*** Begin section ***
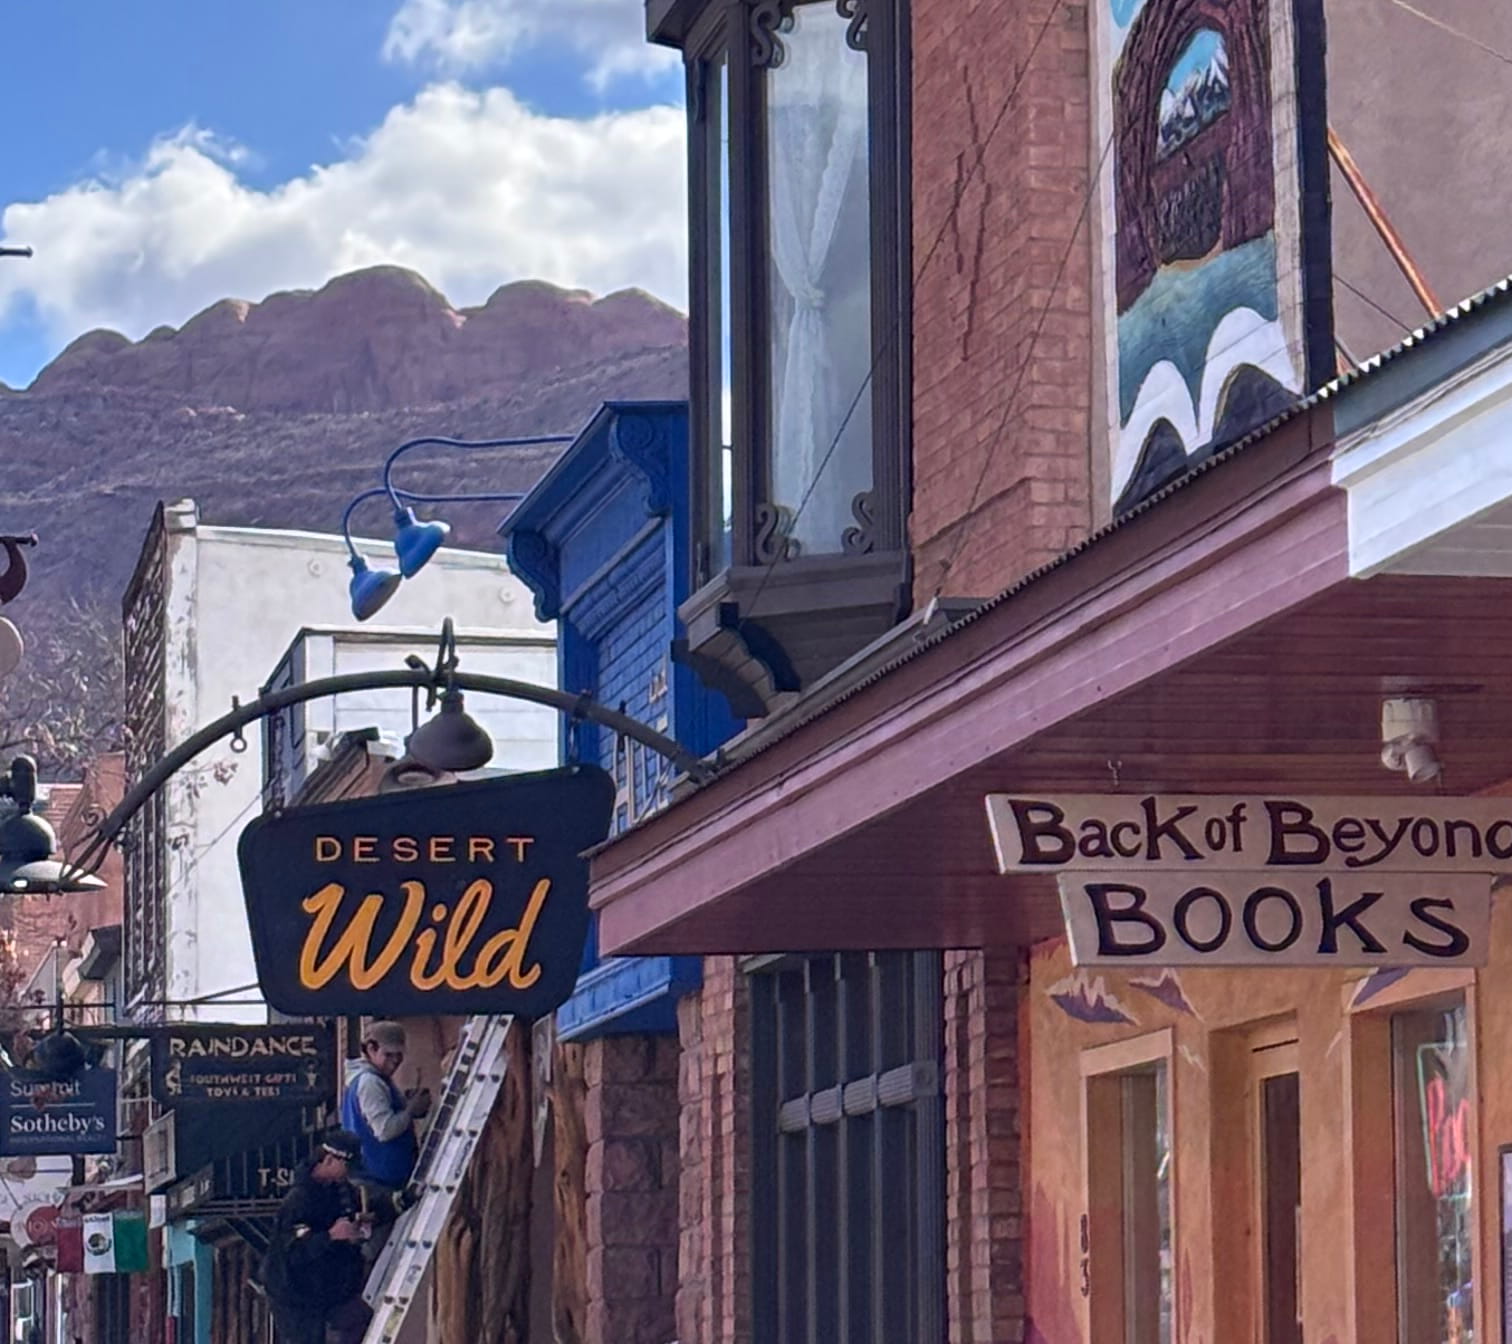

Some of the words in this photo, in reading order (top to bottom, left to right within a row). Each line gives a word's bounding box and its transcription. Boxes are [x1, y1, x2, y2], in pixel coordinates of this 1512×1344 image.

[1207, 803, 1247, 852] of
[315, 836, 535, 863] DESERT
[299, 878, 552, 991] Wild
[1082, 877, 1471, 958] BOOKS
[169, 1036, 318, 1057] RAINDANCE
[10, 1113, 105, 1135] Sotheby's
*** End section ***
§ **Task statement**
Reproduce the whole listing exactly, but not the images in it.

§ **Worked solution**
Some of the words in this photo, in reading order (top to bottom, left to right within a row). Each line gives a word's bounding box and its transcription. Boxes are [x1, y1, x2, y2], in pixel coordinates of this 1512×1344 image.

[1207, 803, 1247, 852] of
[315, 836, 535, 863] DESERT
[299, 878, 552, 991] Wild
[1082, 877, 1471, 958] BOOKS
[169, 1036, 318, 1057] RAINDANCE
[10, 1113, 105, 1135] Sotheby's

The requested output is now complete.